If a municipality is further divided into secciones, the municipal council appoints an alcalde pedáneo for each of them. He reports to the mayor or, if his sección is in a municipal district, to its director.
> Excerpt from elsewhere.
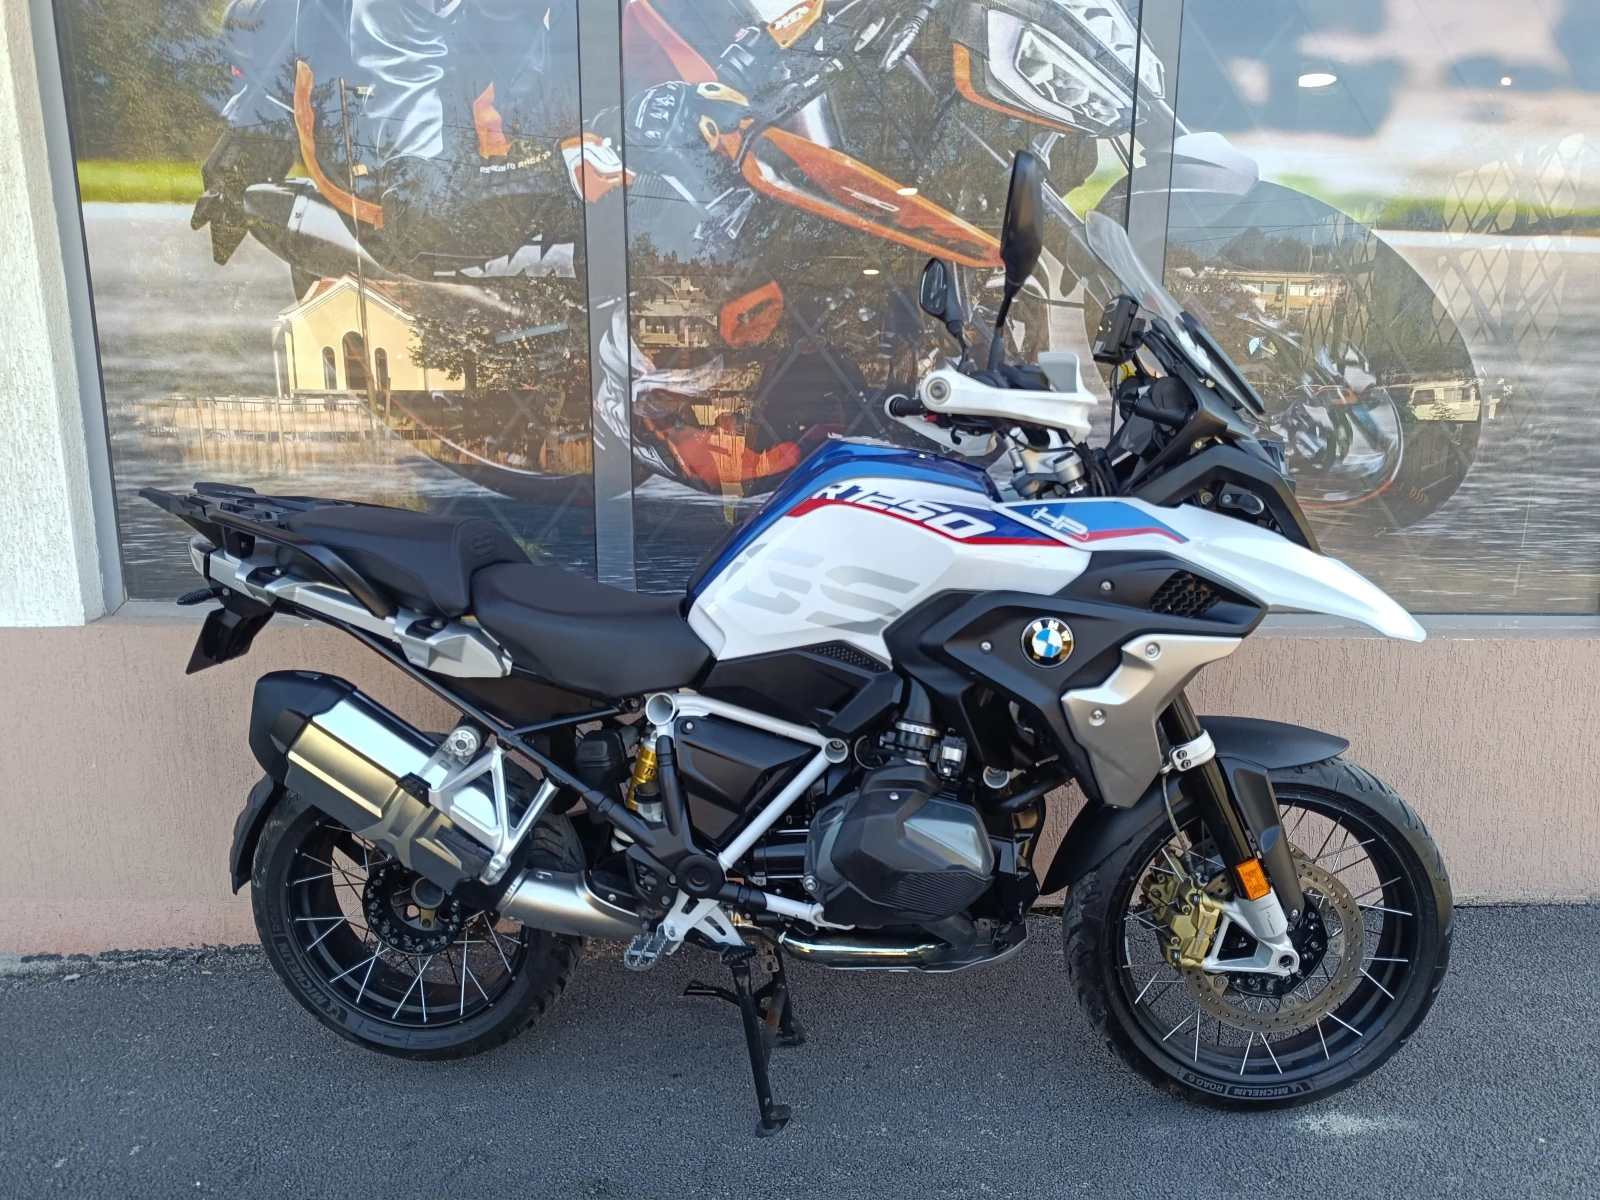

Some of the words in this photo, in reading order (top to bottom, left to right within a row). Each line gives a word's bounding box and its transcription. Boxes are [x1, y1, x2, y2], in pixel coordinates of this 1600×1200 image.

If the municipality is further divided into parajes, the municipal council appoints an ayudante del alcalde pedáneo for each of them.

Municipalities are often given special designations because of their number of inhabitants: ciudad (city) in the case of urban centers with over 10,000 inhabitants or the capital of a province, villas (town) in the case of towns with over 1,000 inhabitants or seats of a local government, poblados (village) in the case of villages.

== Municipalities ==
The following is a list of the 158 municipalities (municipios) of the Dominican Republic as of June 1, 2021.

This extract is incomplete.